Entries supplied:
[Start of section]
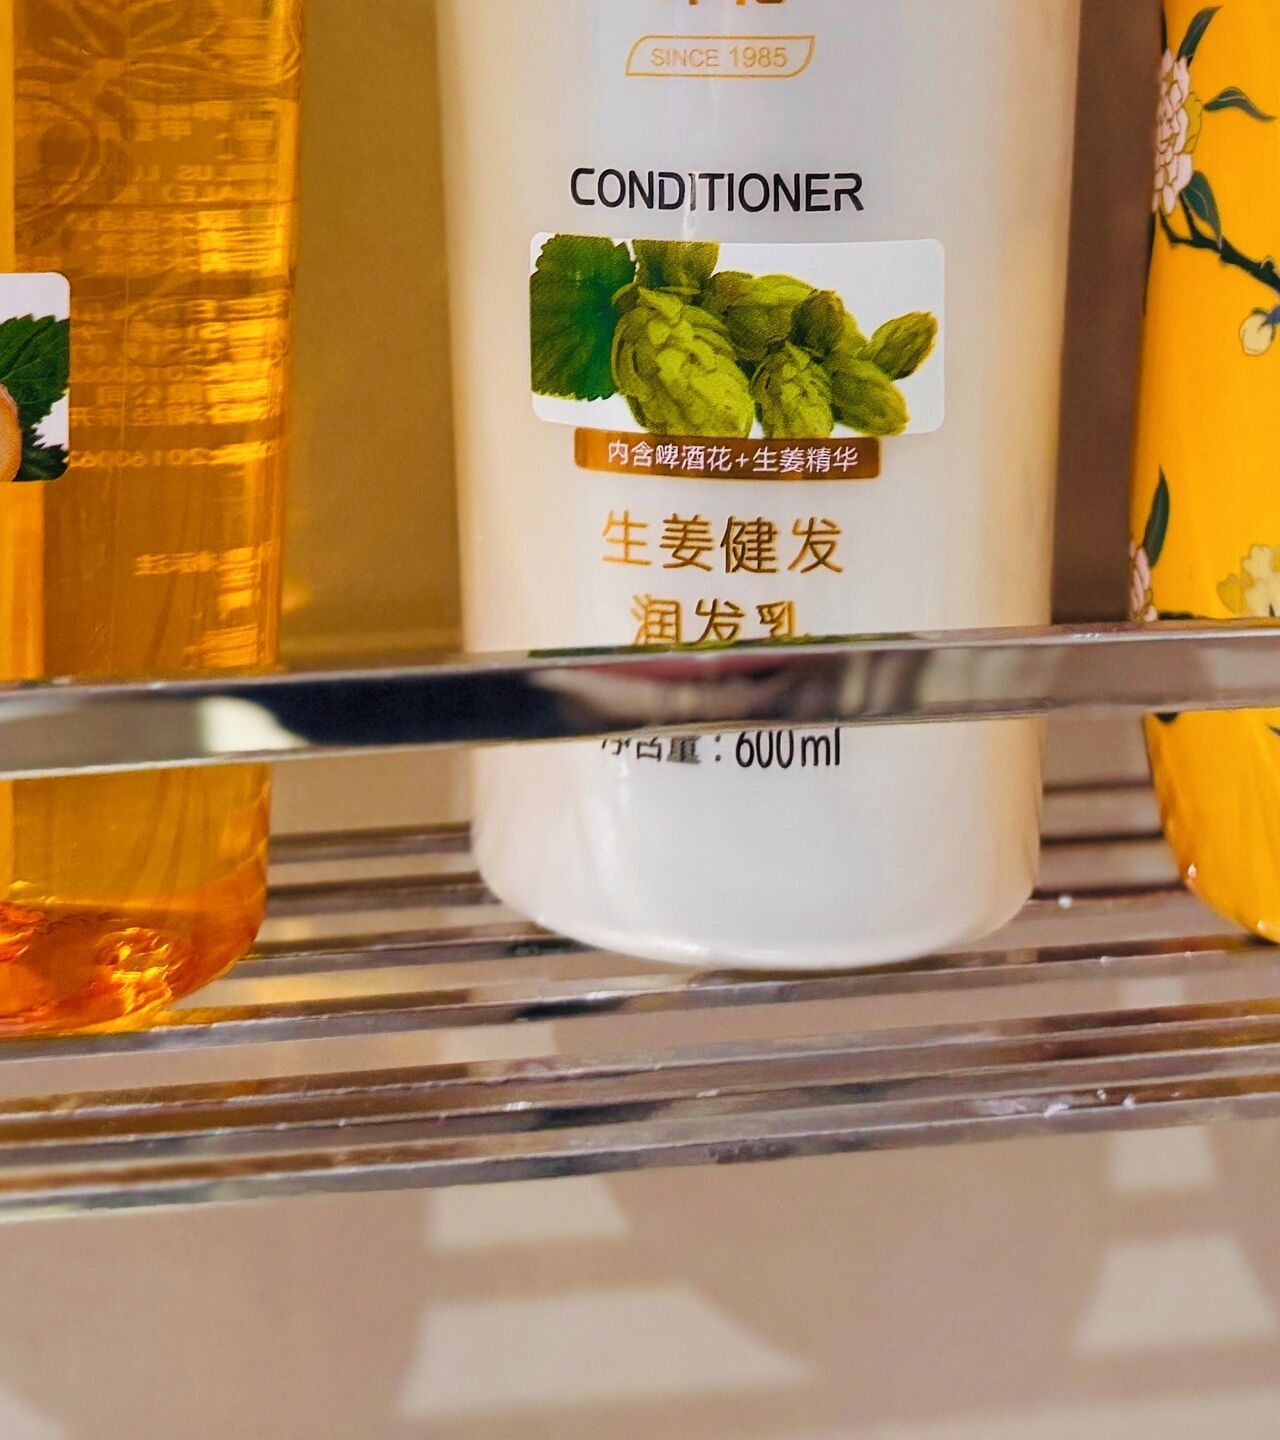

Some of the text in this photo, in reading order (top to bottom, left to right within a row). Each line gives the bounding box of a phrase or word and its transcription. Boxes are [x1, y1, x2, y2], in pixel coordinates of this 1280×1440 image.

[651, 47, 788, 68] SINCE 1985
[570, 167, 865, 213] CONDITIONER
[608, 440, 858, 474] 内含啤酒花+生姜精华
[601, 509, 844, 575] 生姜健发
[End of section]
Repeat every entry above exactly; images stay out of the copy.

Some of the text in this photo, in reading order (top to bottom, left to right within a row). Each line gives the bounding box of a phrase or word and its transcription. Boxes are [x1, y1, x2, y2], in pixel coordinates of this 1280×1440 image.

[651, 47, 788, 68] SINCE 1985
[570, 167, 865, 213] CONDITIONER
[608, 440, 858, 474] 内含啤酒花+生姜精华
[601, 509, 844, 575] 生姜健发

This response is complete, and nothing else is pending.